Rechtliche Beurteilung

[5] 1. Das Wesen der Befangenheit besteht in der Hemmung einer unparteiischen Entschließung durch unsachliche psychologische Motive (RS0045975 [T1]; RS0045961; RS0046024 [T3]; Ballon in Fasching/Konecny, Zivilprozessgesetze³ § 19 JN Rz 5). Dabei genügt es, dass eine Befangenheit mit Grund befürchtet werden muss (RS0045975 [T4]), wobei bereits ein solcher Anschein vermieden werden soll (RS0046052). Im Interesse des Ansehens der Justiz ist jedenfalls ein strenger Maßstab anzuwenden (RS0045949). Ein Richter ist daher dann befangen, wenn bei objektiver Betrachtungsweise ein zureichender Grund vorliegt, seine Unbefangenheit in Zweifel zu ziehen (RS0046052 [T2, T8];RS0045935 [T12]).

[6] Als Befangenheitsgründe kommen in erster Linie private persönliche Beziehungen zu einer der Prozessparteien in Betracht, die ein Naheverhältnis begründen, das bei objektiver Betrachtung zumindest geeignet ist, den Anschein einer Voreingenommenheit zu begründen (RS0045935 [T3]). So ist eine Befangenheitsanzeige etwa dann gerechtfertigt, wenn der Richter die Prozesspartei seit Jahren kennt und mit ihr befreundet ist (9 Nc 16/09s; für weitere Beispiele siehe Ballon in Fasching/Konecny, Zivilprozessgesetze³ § 19 JN Rz 9). Dabei ist zu berücksichtigen, dass im Allgemeinen ein Befangenheitsgrund anzunehmen ist, wenn ein Richter selbst seine Befangenheit anzeigt (RS0046053).

[7] Hingegen ist die freundschaftlich-kollegiale Beziehung eines Richters zu einem anderen Richter, einem Parteienvertreter oder einem Vertreter der Rechtswissenschaft dann, wenn sich der Richter nicht selbst als befangen erachtet, kein zureichender Befangenheitsgrund (9 Nc 39/12b). Auch der Jahrzehnte zurückliegende Besuch derselben Schulklasse, ohne dass darüber hinausgehende persönliche Beziehungen zwischen dem Richter und der Partei bestanden, wurde nicht als ausreichender Befangenheitsgrund qualifiziert (4 N 526/95).

[8] Diese Wertung trifft auch auf den vorliegenden, gleich gelagerten Fall zu.
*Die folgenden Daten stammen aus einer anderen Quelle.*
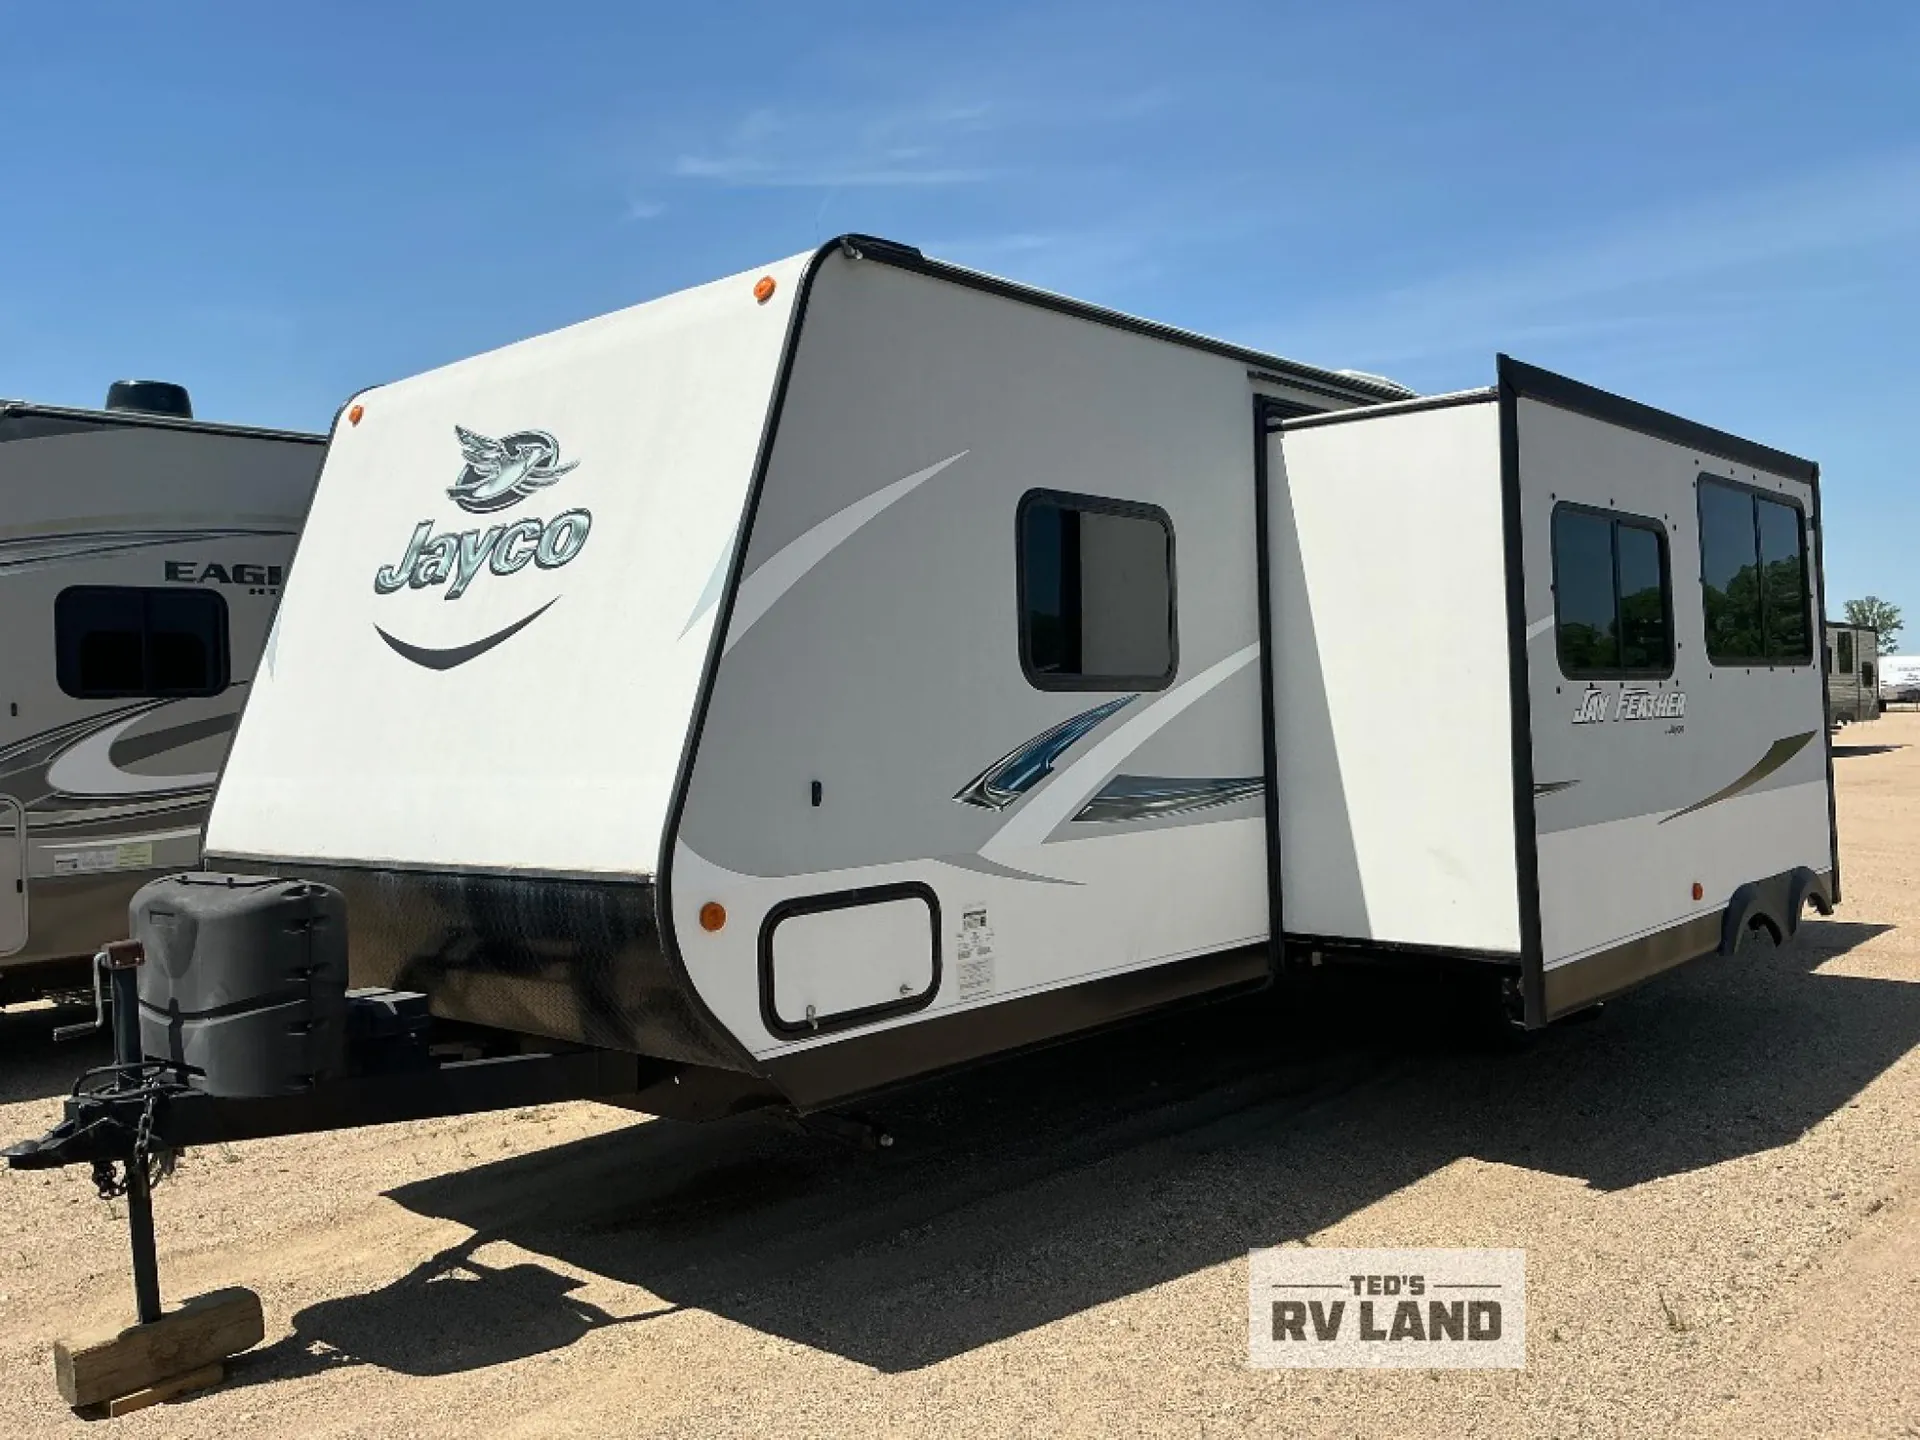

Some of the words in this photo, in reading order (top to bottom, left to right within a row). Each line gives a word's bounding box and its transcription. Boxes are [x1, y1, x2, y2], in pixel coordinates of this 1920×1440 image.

[374, 507, 592, 600] Jayco
[1572, 688, 1611, 724] JAY
[1613, 688, 1686, 721] FEATHER
Der bereits 38 Jahre zurückliegende Besuch der selben Gymnasialklasse ist bei Fehlen darüber hinausgehender persönlicher Beziehungen und eines persönlichen Kontakts nach Abschluss der Schulzeit auch im vorliegenden Fall bei objektiver Betrachtung nicht geeignet, die Besorgnis zu begründen, die abgelehnte Richterin würde sich bei ihrer Entscheidungsfindung durch sachfremde Motive beeinflussen lassen.
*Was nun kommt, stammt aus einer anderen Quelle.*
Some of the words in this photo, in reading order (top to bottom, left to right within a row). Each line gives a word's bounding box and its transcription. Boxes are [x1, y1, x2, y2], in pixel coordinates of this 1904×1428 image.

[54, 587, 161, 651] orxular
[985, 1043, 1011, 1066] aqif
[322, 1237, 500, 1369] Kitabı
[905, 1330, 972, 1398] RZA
[9] Der Rekurs erweist sich daher nicht als berechtigt.

[10] 2. Die Kostenentscheidung beruht auf §§ 41, 50 ZPO. Das Ablehnungsverfahren bildet einen Zwischenstreit, über dessen Kosten nach den Regeln des Ausgangsverfahrens unabhängig von dessen Ausgang zu entscheiden ist (RS0126588).